She was lying motionless on a thin mat
surrounded by towers of boxes and trash.
The 4-chan user thought she was dead.
Then she moved.
The woman sat up, wrote something on a whiteboard,
and held it to the camera.
Broken English.
My name is Chip Chan.
Police officer put Chip in my ankle.
He control my brain.
She collapsed back onto the mat, unconscious.
20 hours later, she was still there.
Same position, she hadn't moved a muscle.
The Internet had found its new obsession.
Before the stream, she was normal.
Jane, a Korean woman in the 30s who wrote a blog.
She talked about restaurants.
She gave movie reviews.
She talked about her weekend plans, her friends, her job.
Ordinary life documented in ordinary ways.
Then around 2006, the post changed.
She wrote about footsteps in the hallway that stopped outside her door,
cars that waited outside her window.
She constantly felt like she was being watched.
She wrote about a police officer who kept showing up places she went.
Coffee shops, the grocery store, where she worked.
Always the same man.
Always watching.
She wrote about waking up exhausted with no memory of falling asleep.
Her apartment was rearranged.
Objects moved from their normal places.
Windows open that she remembered closing.
She would suddenly be missing time.
She lost hours at a time and had no idea why.
The blog post became frantic and paranoid.
Then they stopped.
But two years later, she was back.
She live-streamed herself 24 hours a day for an apartment that looked like a hoarder's tomb.
Boxes stacked to the ceiling.

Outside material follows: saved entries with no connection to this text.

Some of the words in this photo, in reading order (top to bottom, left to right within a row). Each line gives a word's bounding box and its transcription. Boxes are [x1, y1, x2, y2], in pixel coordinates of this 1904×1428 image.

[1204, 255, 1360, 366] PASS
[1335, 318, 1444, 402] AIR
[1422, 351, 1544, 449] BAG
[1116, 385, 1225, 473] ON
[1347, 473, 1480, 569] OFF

Trash bags lined every wall.
The floor was buried under food containers, empty bottles, and crumpled paper.
Her windows were completely covered with newspaper and cardboard.

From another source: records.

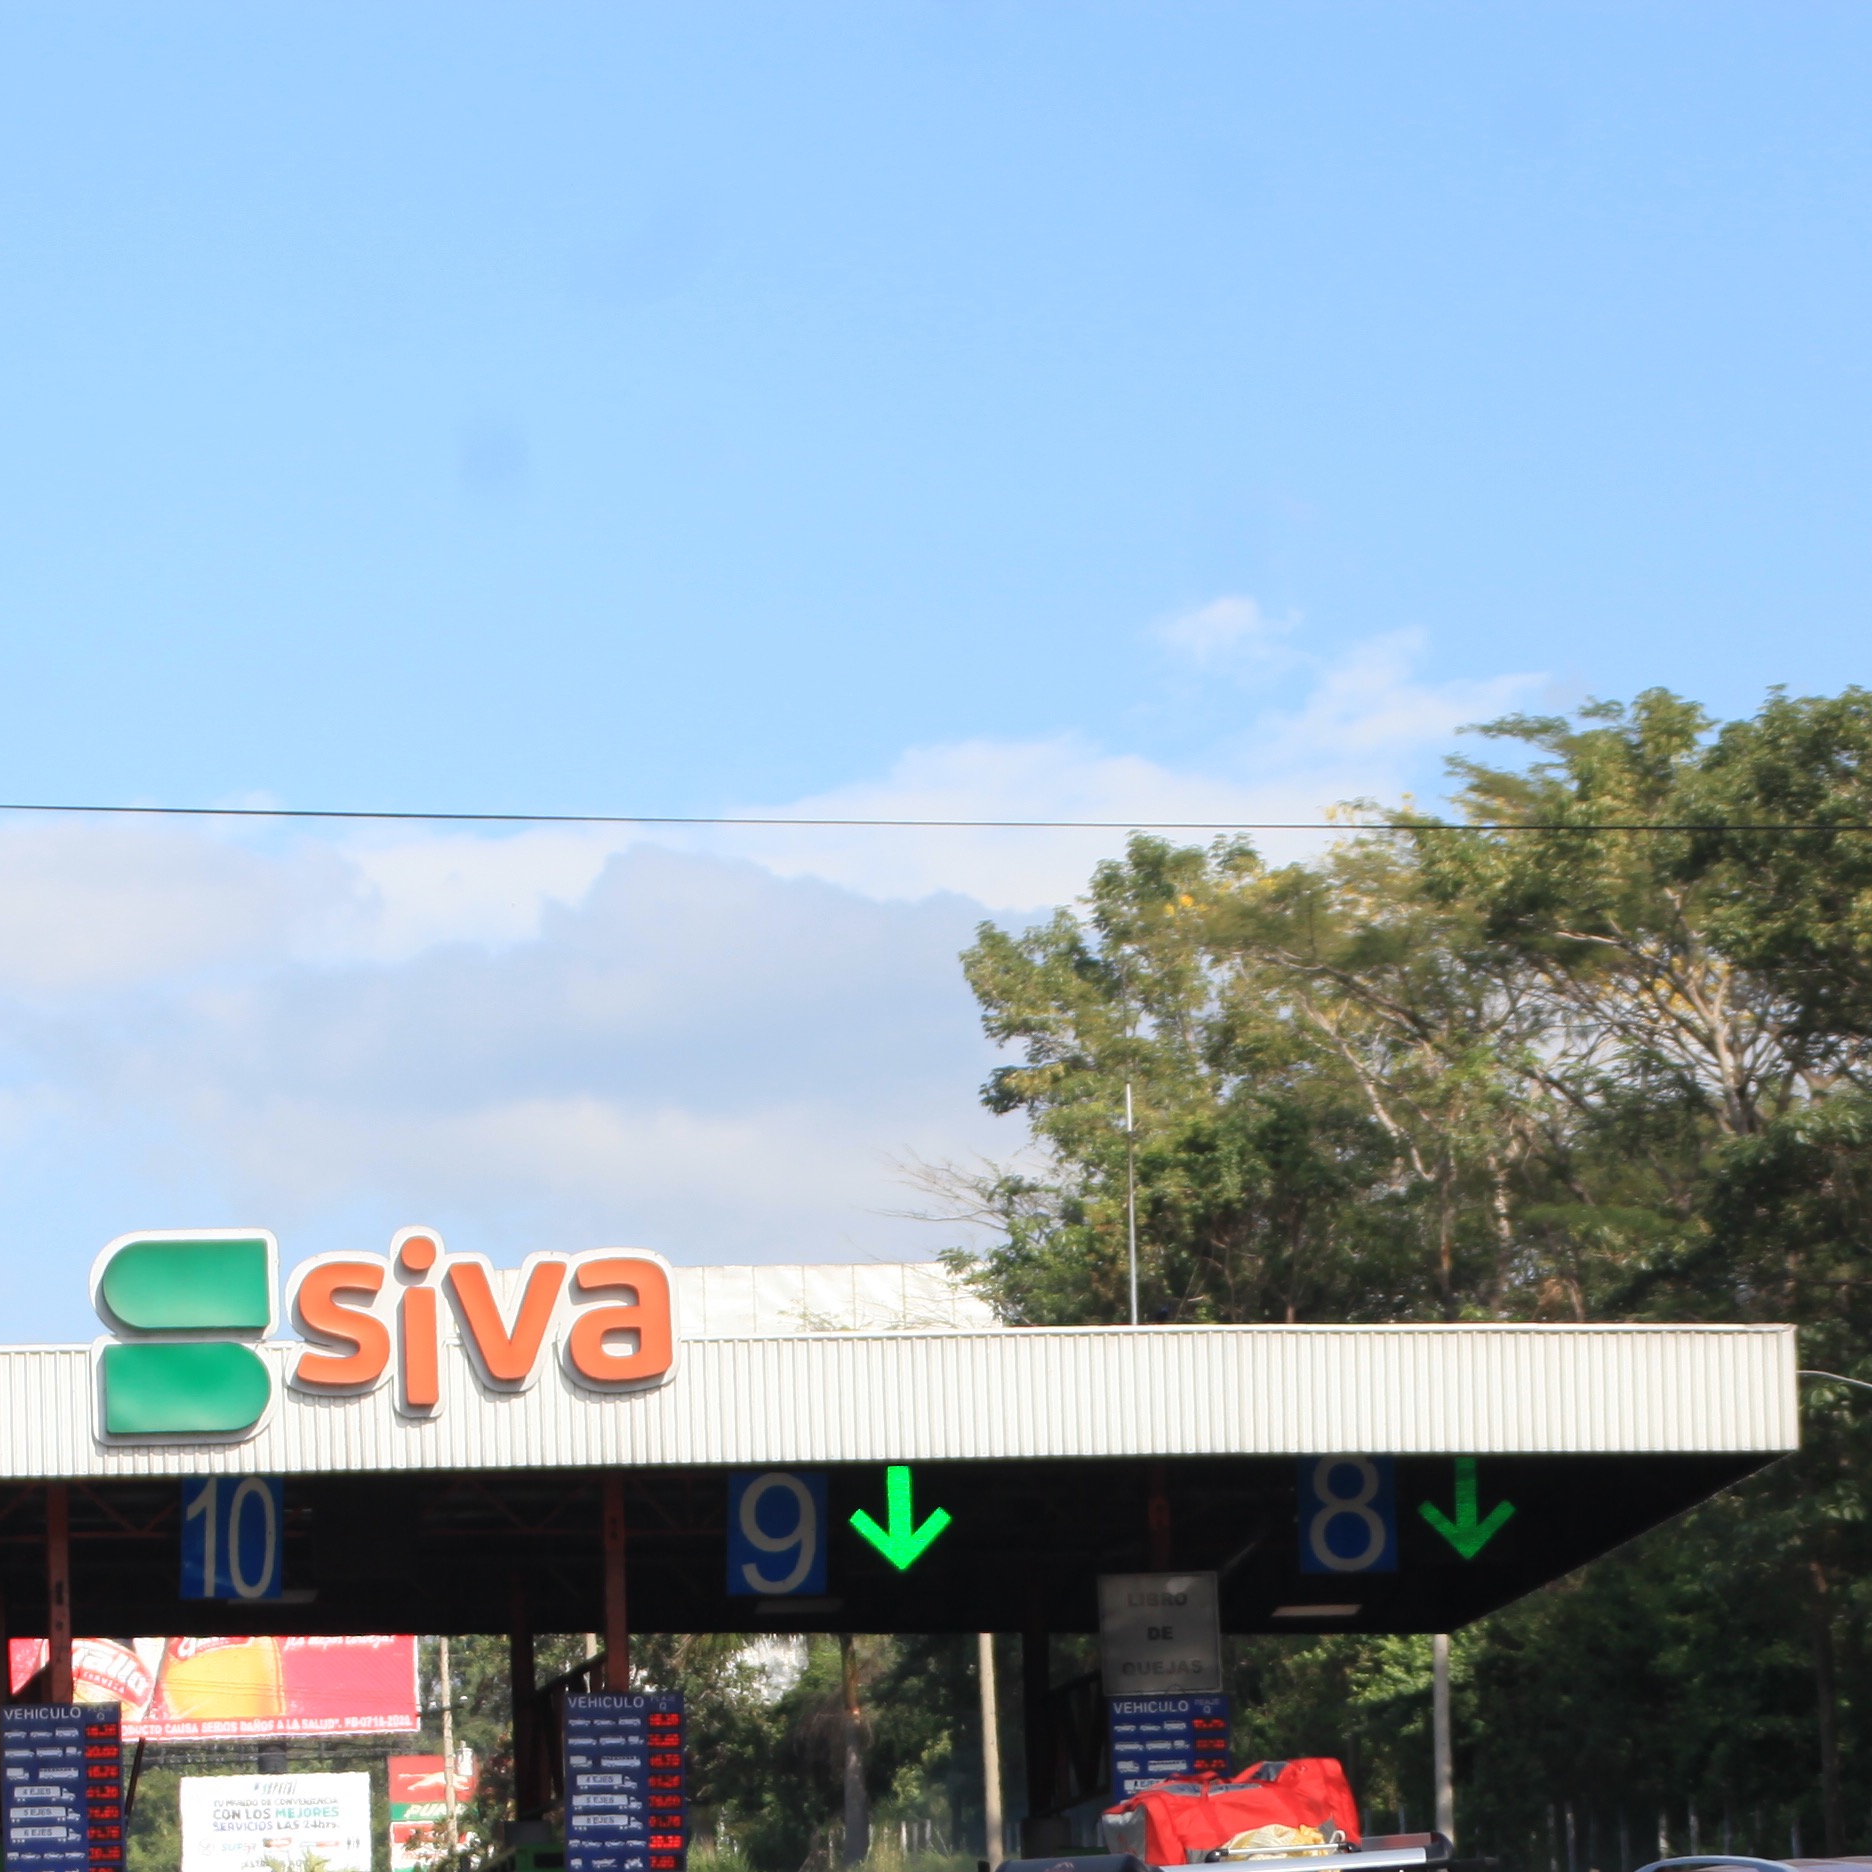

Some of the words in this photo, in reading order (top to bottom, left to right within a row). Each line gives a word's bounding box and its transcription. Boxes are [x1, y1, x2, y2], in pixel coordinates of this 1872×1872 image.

[296, 1235, 673, 1405] siva
[1310, 1453, 1386, 1572] 8
[187, 1475, 276, 1599] 10
[739, 1472, 817, 1594] 9
[1128, 1591, 1188, 1607] LIBRO
[1146, 1625, 1174, 1641] DE
[1122, 1659, 1204, 1676] QUEJAS
[567, 1696, 645, 1709] VEHICULO
[659, 1702, 667, 1711] Q
[1113, 1700, 1190, 1715] VEHICULO
[1202, 1705, 1212, 1714] Q
[3, 1707, 82, 1720] VEHICULO
[96, 1712, 106, 1721] Q
[121, 1724, 163, 1737] ODUCTO
[165, 1722, 199, 1734] CAUSA
[286, 1718, 300, 1730] LA
[213, 1808, 241, 1820] CON
[245, 1808, 271, 1819] LOS
[275, 1806, 340, 1819] MEJORES
[212, 1821, 273, 1832] SERVICIOS
[277, 1821, 300, 1830] LAS

No natural light made it inside.
She called him P, a corrupt police officer who had implanted a Vera chip in her ankle sometime in the late 1990s.
The same technology nightclubs were using to identify VIP customers.
The same RFID technology medical facilities use to store patient data.
An implant about the size of a grain of rice that could be read by external scanners.
These chips are real, and they could be read by scanning equipment passively,
meaning you don't have to activate them. They just work.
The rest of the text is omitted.